▶ PROBLEM DETAILS: Make an exact copy of the entries, taking out every picture.

Image-backed grounding data
"""

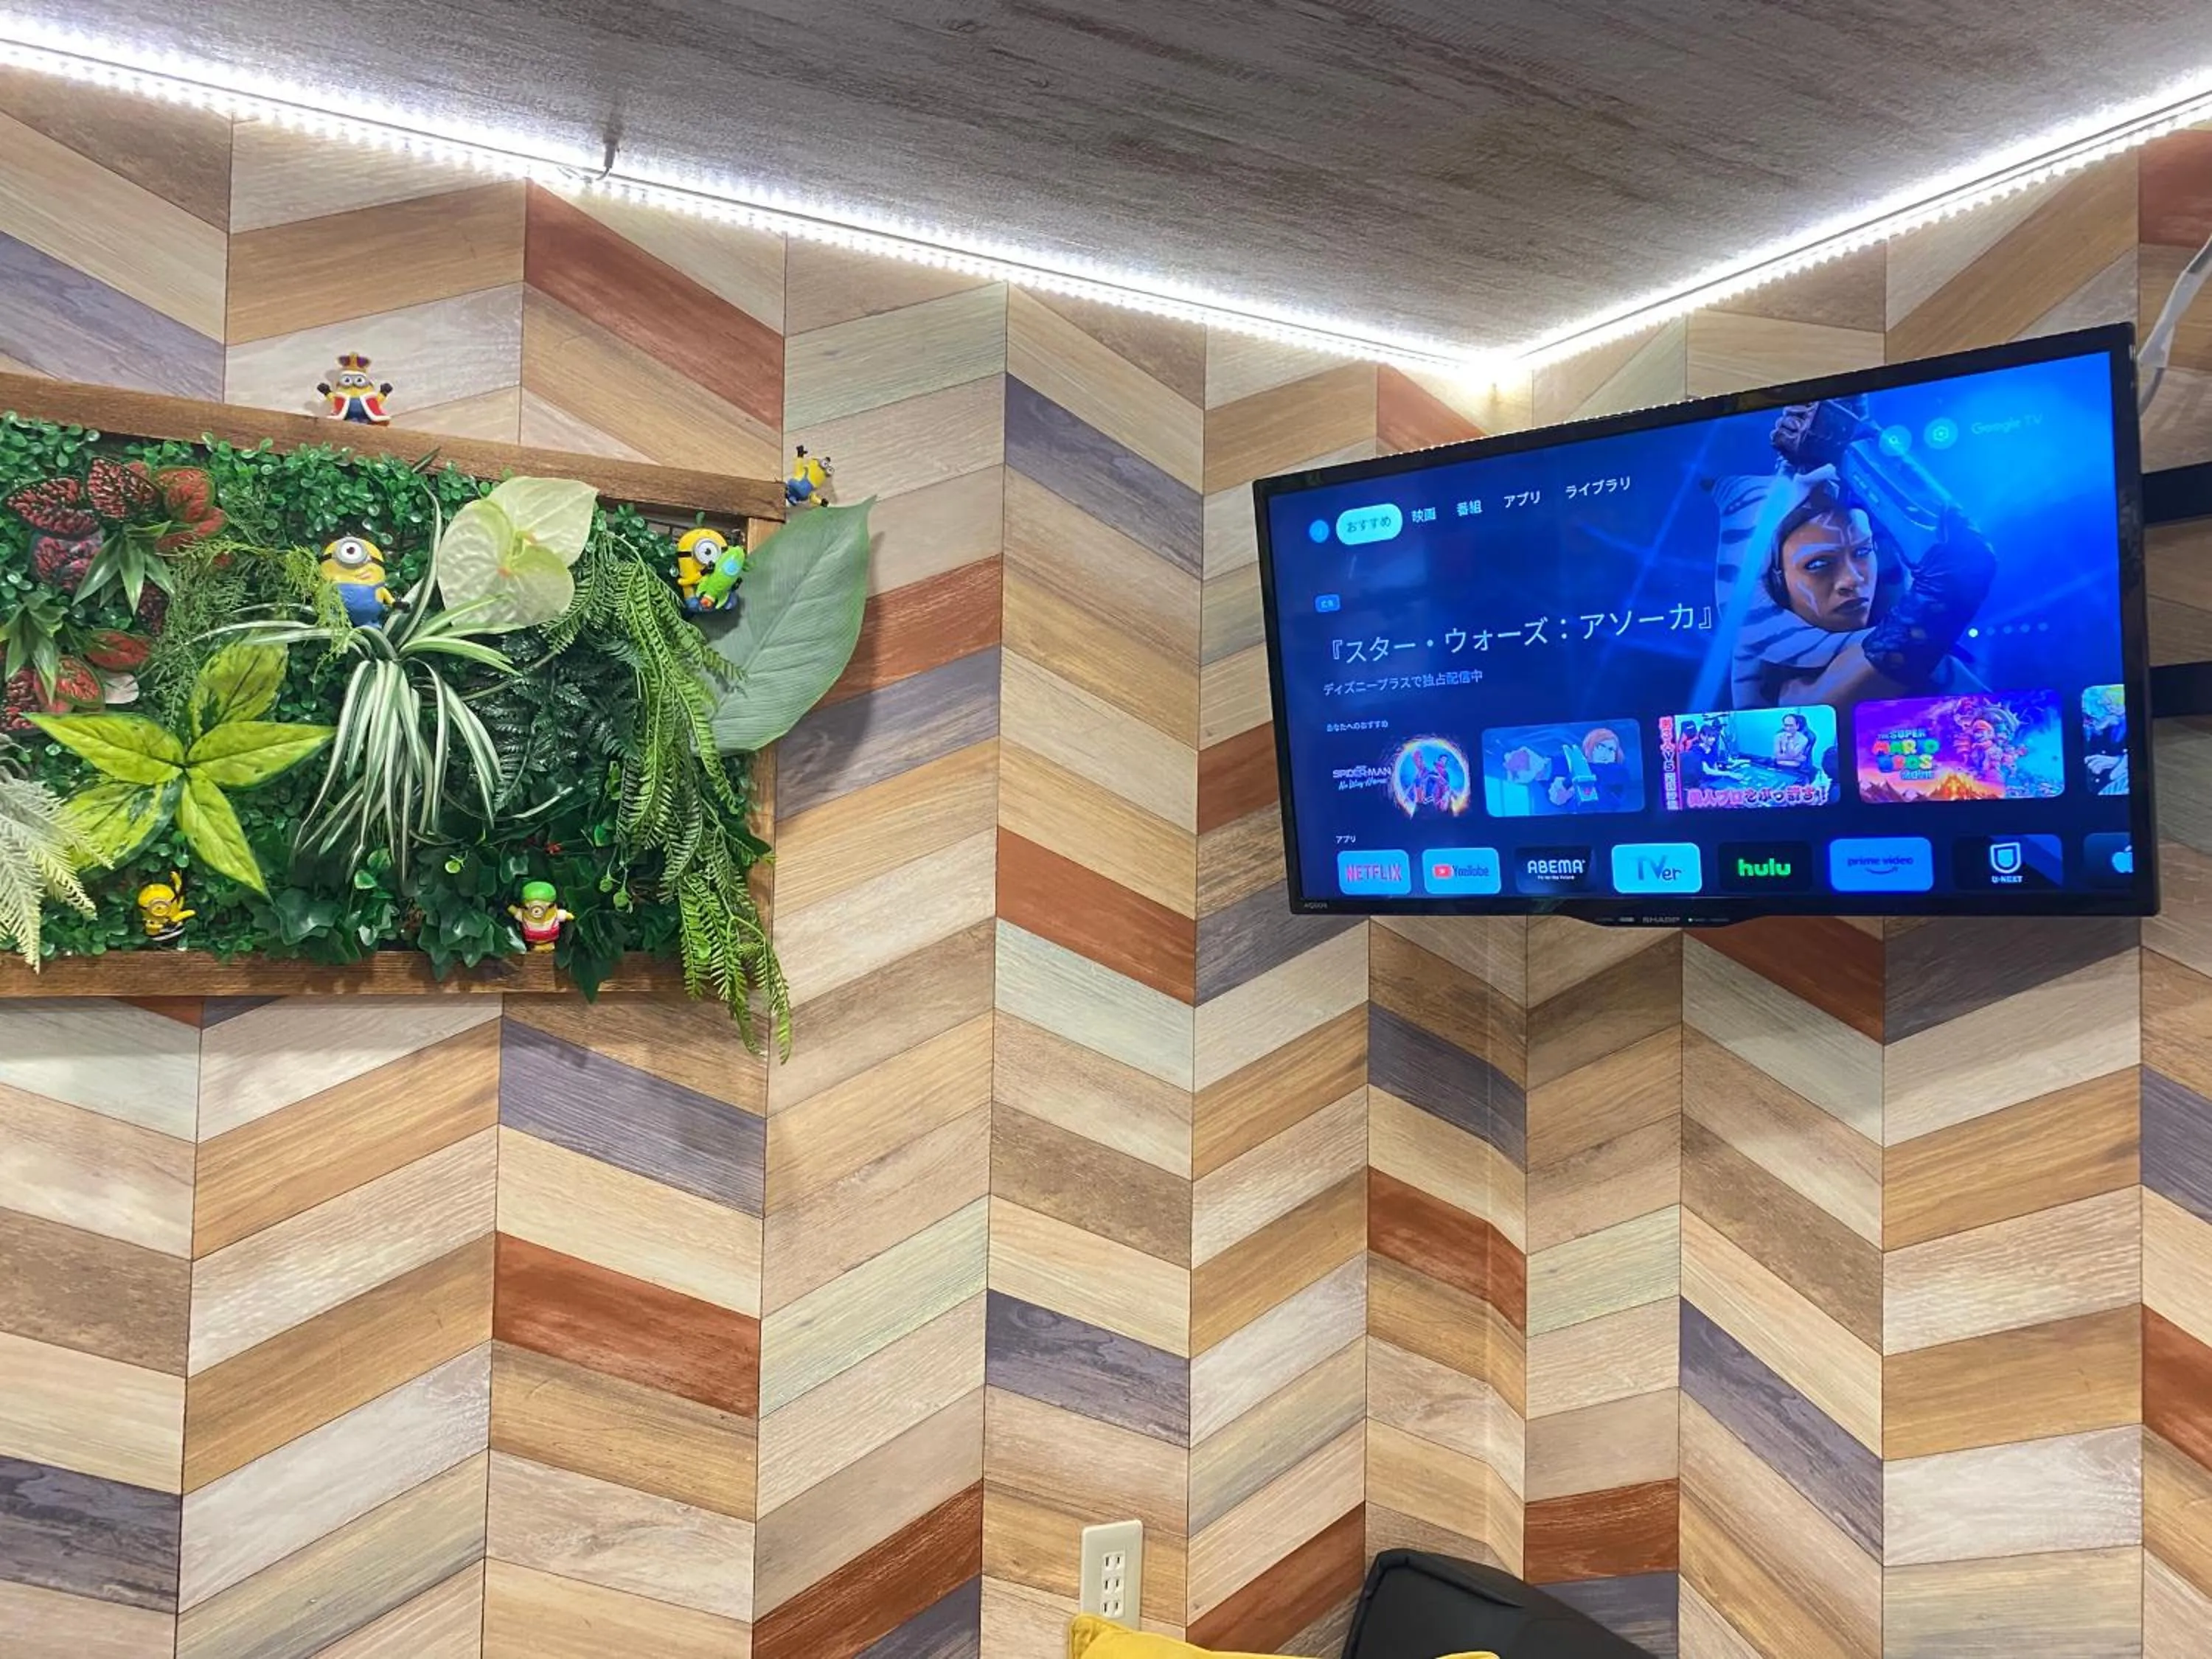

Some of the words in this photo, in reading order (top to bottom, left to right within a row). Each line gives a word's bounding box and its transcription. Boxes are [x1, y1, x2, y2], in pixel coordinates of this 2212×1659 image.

[1346, 515, 1391, 534] おすすめ
[1411, 507, 1437, 523] 映画
[1457, 499, 1482, 516] 番組
[1504, 490, 1541, 508] アプリ
[1565, 476, 1631, 499] ライブラリ
[1324, 669, 1484, 696] ディズニープラスで独占配信中
[1335, 835, 1356, 844] アプリ
[1527, 859, 1584, 874] ABEMA
[1632, 855, 1682, 881] TVer
[1738, 858, 1791, 876] hulu
[1847, 856, 1880, 866] prime
[1882, 854, 1914, 865] video
[1346, 863, 1402, 883] NETFLIX
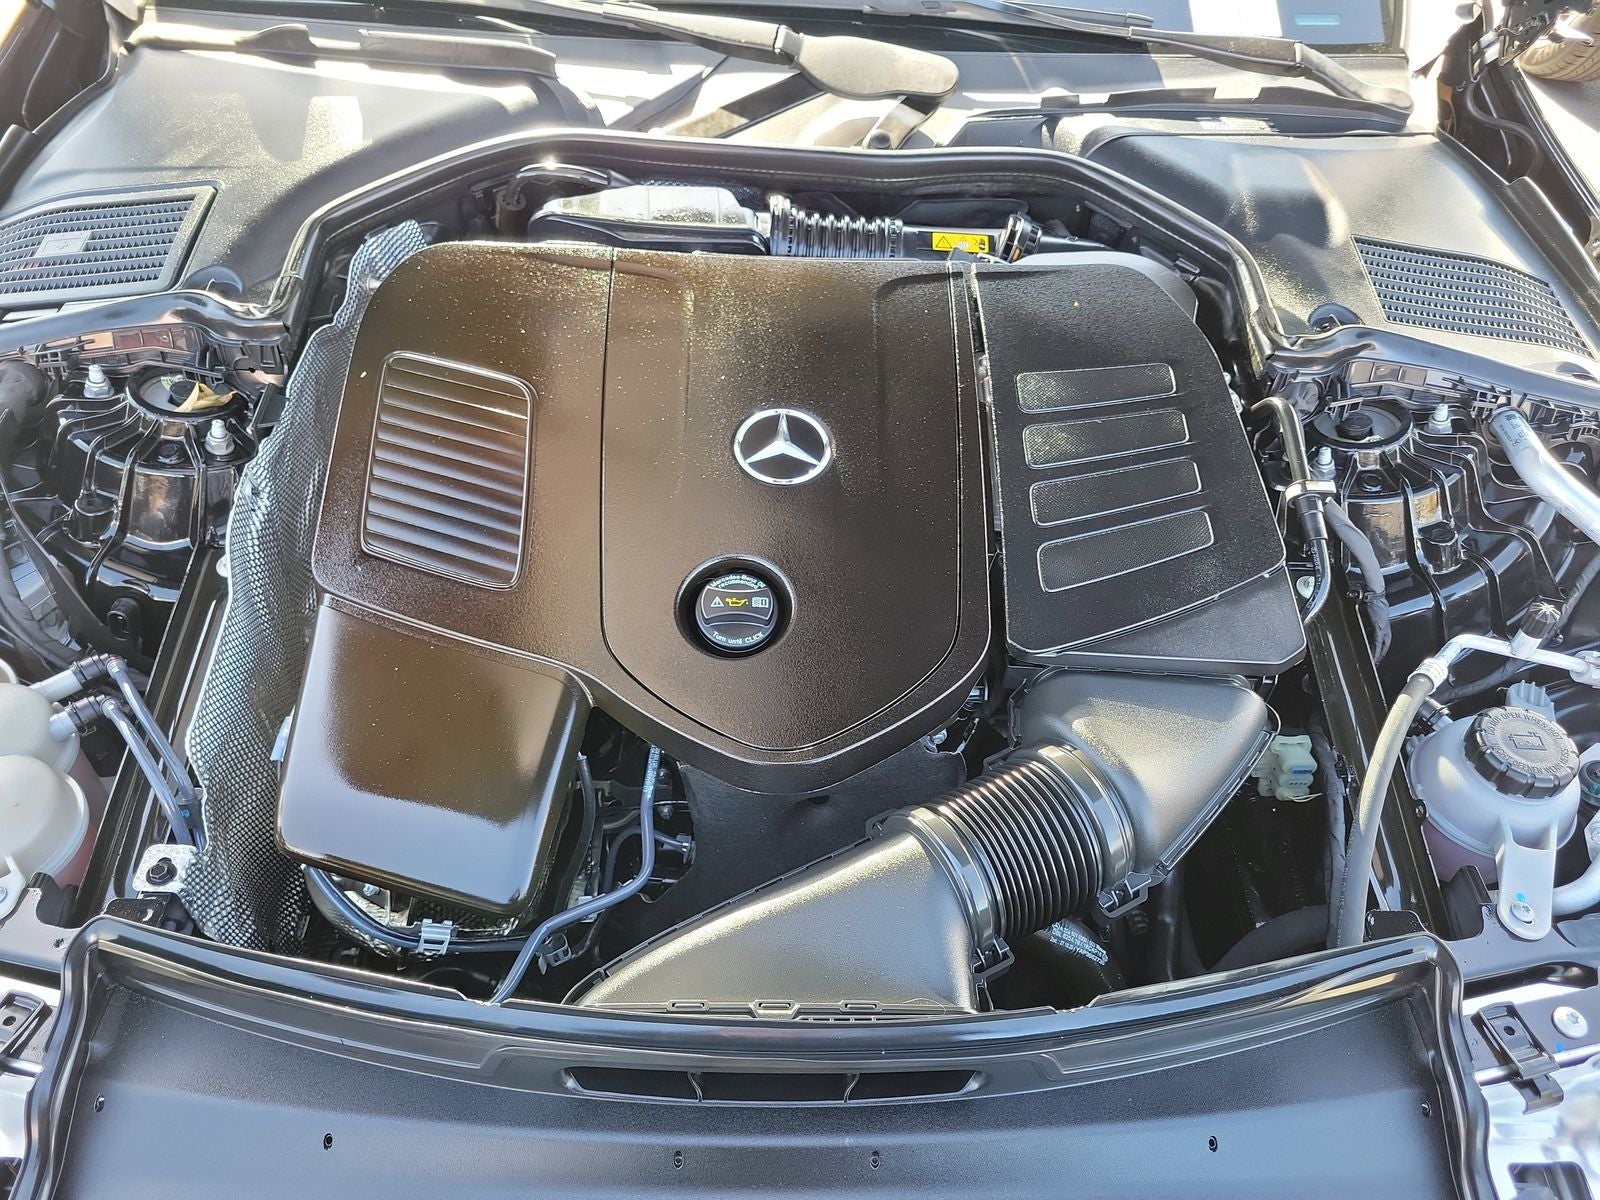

"""

▶ ANSWER BOX:
Some of the words in this photo, in reading order (top to bottom, left to right within a row). Each line gives a word's bounding box and its transcription. Boxes are [x1, y1, x2, y2], in pixel coordinates of this 2212×1659 image.

[1346, 515, 1391, 534] おすすめ
[1411, 507, 1437, 523] 映画
[1457, 499, 1482, 516] 番組
[1504, 490, 1541, 508] アプリ
[1565, 476, 1631, 499] ライブラリ
[1324, 669, 1484, 696] ディズニープラスで独占配信中
[1335, 835, 1356, 844] アプリ
[1527, 859, 1584, 874] ABEMA
[1632, 855, 1682, 881] TVer
[1738, 858, 1791, 876] hulu
[1847, 856, 1880, 866] prime
[1882, 854, 1914, 865] video
[1346, 863, 1402, 883] NETFLIX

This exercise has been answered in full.